The district is governed by a Board of Supervisors selected by its 19 landowners, the largest and most influential of them being Disney World.
The district has the power to tax land and use the revenue to provide essential public services and to operate and maintain all public roads and bridges.
Such private governments are not uncommon in Florida, which has more than 600 community development districts that manage and pay for infrastructure in new communities.
If 1967 is repealed by GOP lawmakers, Disney World ownership will fall under the control of Orange and Osceola counties.
“The lack of affordable housing affects many people across our country, including right here in Central Florida. With this initiative, we are lending a hand to make a real and meaningful impact in our community by tapping into the best of our company’s strengths,” said Jeff Vahle, Chairman of Walt Disney World Resort. “This is the right opportunity and the right time to act.”
Last week, Florida House Rep. Spencer Roach tweeted that lawmakers had held two meetings to discuss revoking the 1967 Reedy Creek Improvement Act, which he said “allows Disney to act as its own government,” following Disney’s stance against the new law.
Spencer, a Republican, added, “If Disney wants to embrace the woke ideology, it seems appropriate that they be regulated by Orange County.”
The 1967 law, which was signed by then-Governor Claude Kirk, a Republican, created the Reedy Creek Improvement District, which encompasses approximately 25,000 acres in Orange and Osceola counties.
The district is governed by its 19 landowners, the largest of which is Disney World. It is responsible for overseeing land use and providing essential public services, including fire protection, emergency medical services, water, electricity and sanitation services. The district also operates and maintains all public roads and bridges.
The new homes would be part of the Flamingo Crossings shopping complex in Orange County and would be located near schools, shops and restaurants, according to plans.
According to Disney, the low-cost accommodations will be available to “qualified applicants” from the general public, including its employees, known as “cast members.”
No other details were immediately available, including the cost of the new homes.
Orange County Mayor Jerry Demings welcomed Disney’s announcement.
“We want to move the needle, we want to see additional workforce housing closer to where people work and live, so we know that’s going to be a critical part,” he said. he declares. “There will be workers who live in this area who will be closer to where they work.”
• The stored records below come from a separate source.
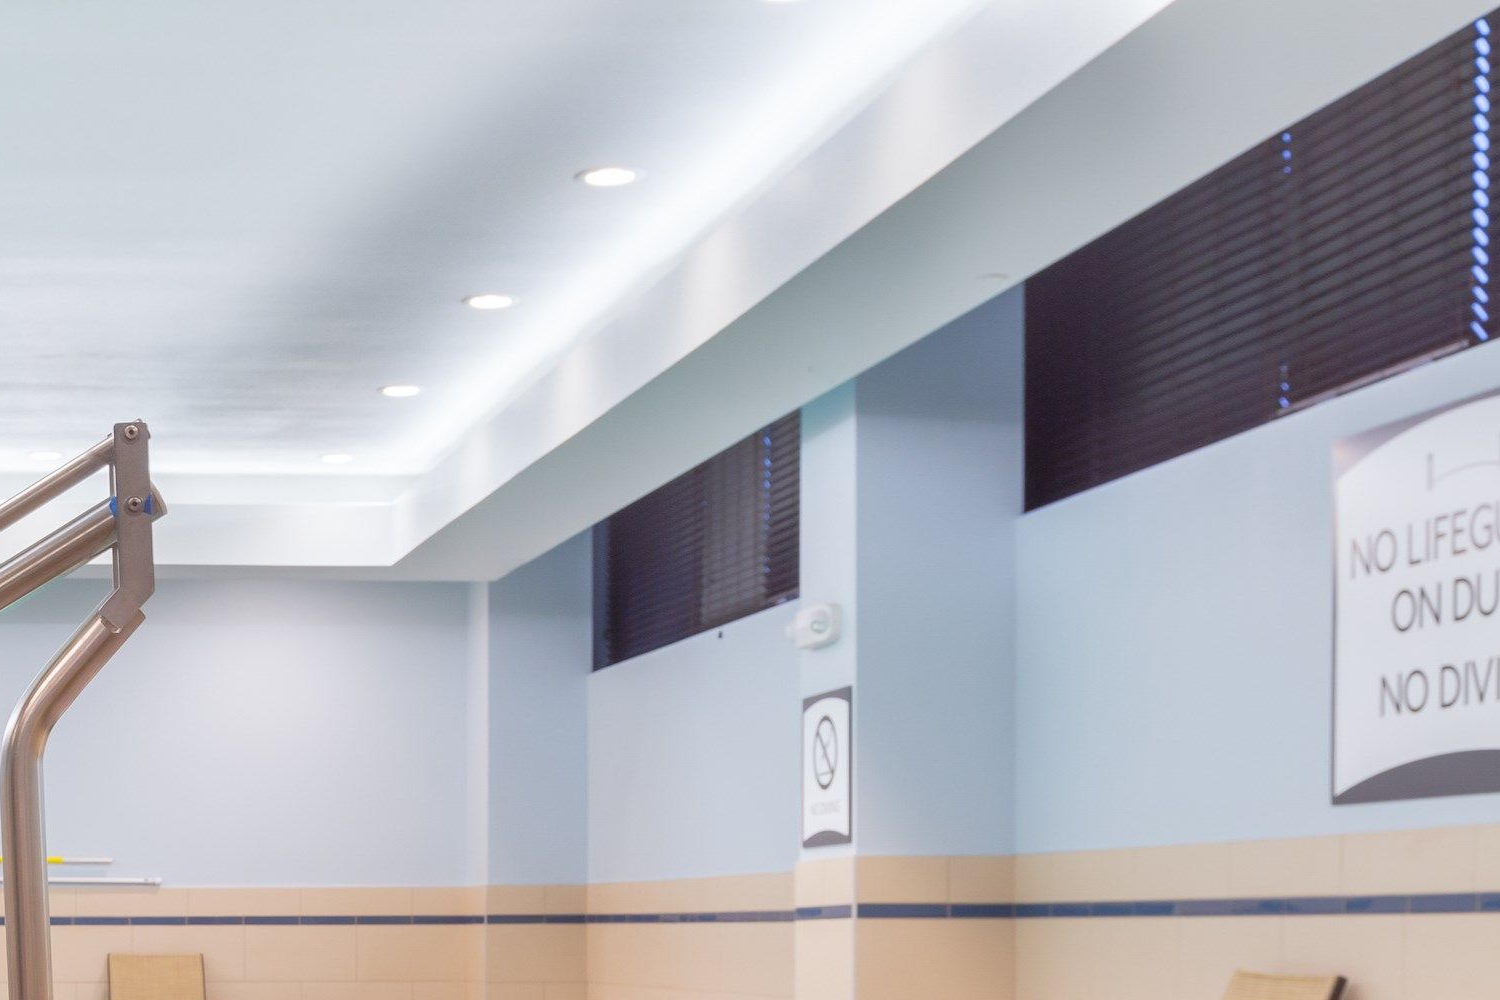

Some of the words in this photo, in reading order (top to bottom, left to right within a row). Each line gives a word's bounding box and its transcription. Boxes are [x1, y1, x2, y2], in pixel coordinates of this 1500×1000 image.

[1349, 527, 1398, 580] NO
[1391, 584, 1442, 634] ON
[1452, 571, 1500, 623] DU
[1378, 669, 1429, 718] NO
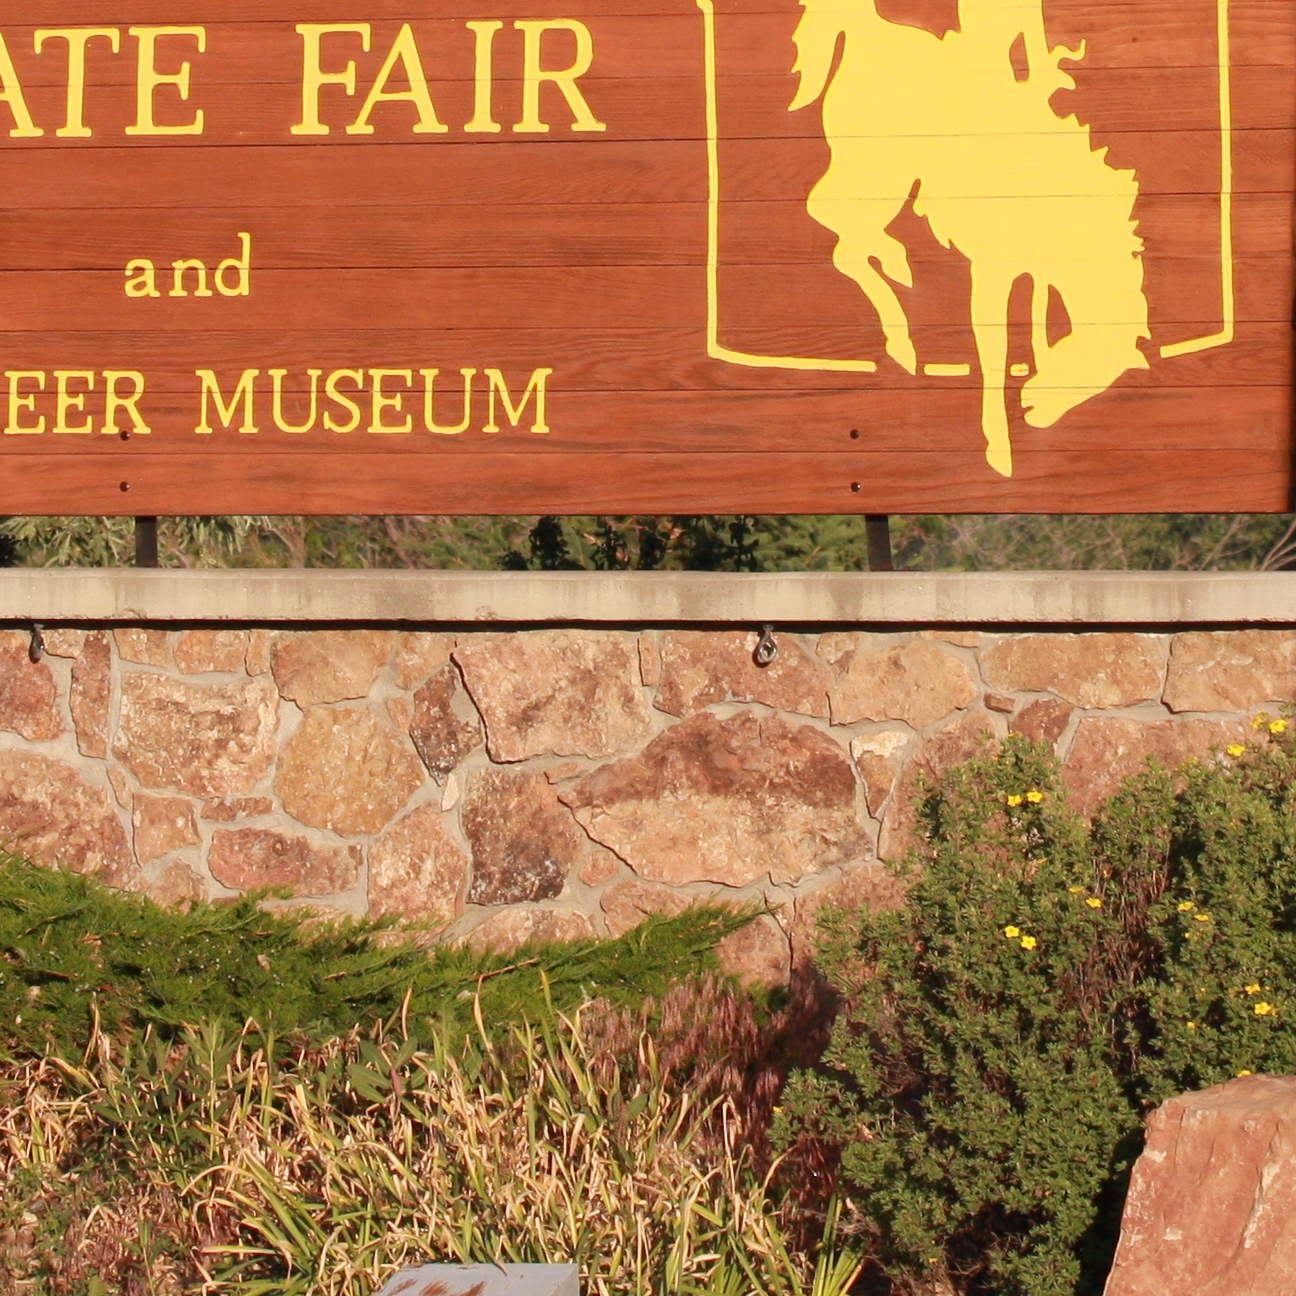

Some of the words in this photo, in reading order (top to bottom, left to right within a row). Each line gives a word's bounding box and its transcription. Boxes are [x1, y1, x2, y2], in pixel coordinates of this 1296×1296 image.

[290, 18, 607, 136] FAIR
[124, 231, 253, 299] and
[194, 367, 553, 434] MUSEUM
Disney is not new to building residential communities in Florida, with the town of Celebration being arguably the most famous example.
The planned town in Osceola County was founded by Disney in the 1990s and handed over to its residents.
More recently, Walt Disney World Resort built a luxury residential community called Golden Oak, a sold-out development with a private clubhouse and a range of amenities, including golf.
Residents of the future community will have access to retail and restaurants in downtown Flamingo Crossings (pictured)
Walt Disney World Resort recently built a luxury residential community called Golden Oak in Florida
Earlier this year, Disney announced plans to develop Cotino, a 1,900-unit residential community in Southern California (artist rendering)
In February, the company, which also operates Disneyland in California, unveiled a development plan for Cotino, a 1,900-unit residential community comprising single-family homes and condominiums in Rancho Mirage, Southern California. Shops and a beachfront hotel will surround a 24-acre lagoon. Certain neighborhoods will be reserved for residents aged 55 and over.
Central Florida is in the throes of a housing crisis caused by a combination of rising property taxes and inflation, and not enough apartments to meet growing demand, reported ClickOrlando last month.
Parts of Orlando have seen rents jump 40% from a year ago.
Across Florida, rents are up about 30% since 2021.